The copy has to match the records word for word and include no pictures.
___ Given data
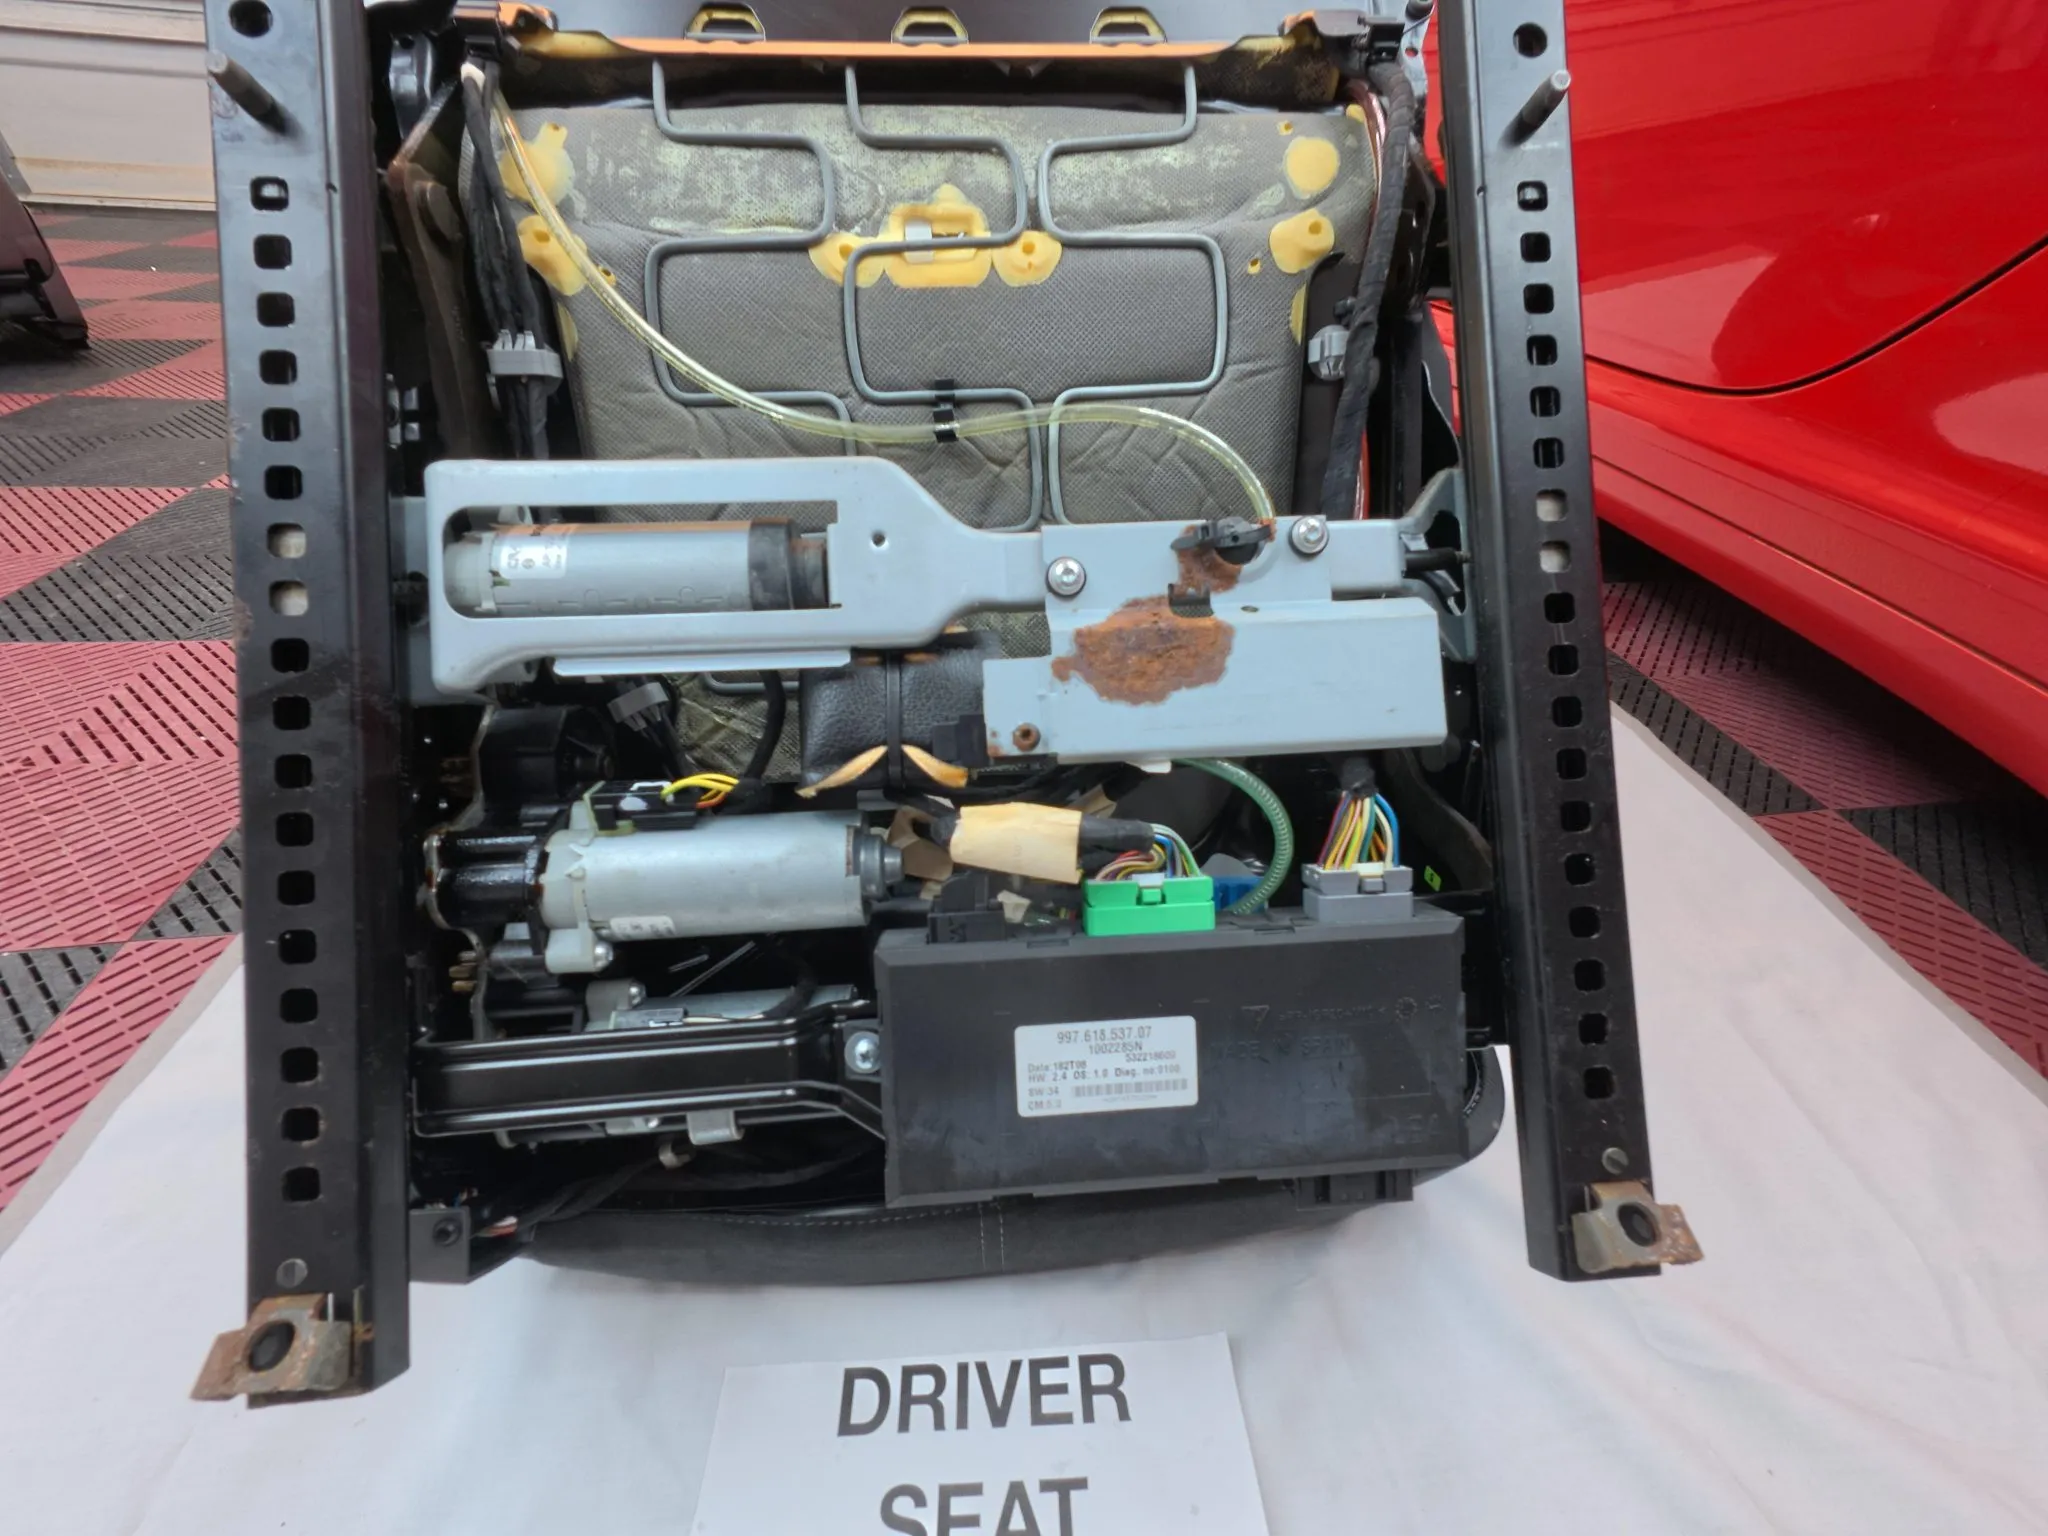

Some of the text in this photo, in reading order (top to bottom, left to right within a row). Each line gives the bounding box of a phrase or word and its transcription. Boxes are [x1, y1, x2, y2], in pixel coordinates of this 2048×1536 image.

[1057, 1026, 1152, 1044] 997.618.537.07
[1089, 1041, 1143, 1055] 1002285N
[837, 1353, 1132, 1437] DRIVER
[880, 1476, 1088, 1536] SEAT
______
**Answer:**
Some of the text in this photo, in reading order (top to bottom, left to right within a row). Each line gives the bounding box of a phrase or word and its transcription. Boxes are [x1, y1, x2, y2], in pixel coordinates of this 2048×1536 image.

[1057, 1026, 1152, 1044] 997.618.537.07
[1089, 1041, 1143, 1055] 1002285N
[837, 1353, 1132, 1437] DRIVER
[880, 1476, 1088, 1536] SEAT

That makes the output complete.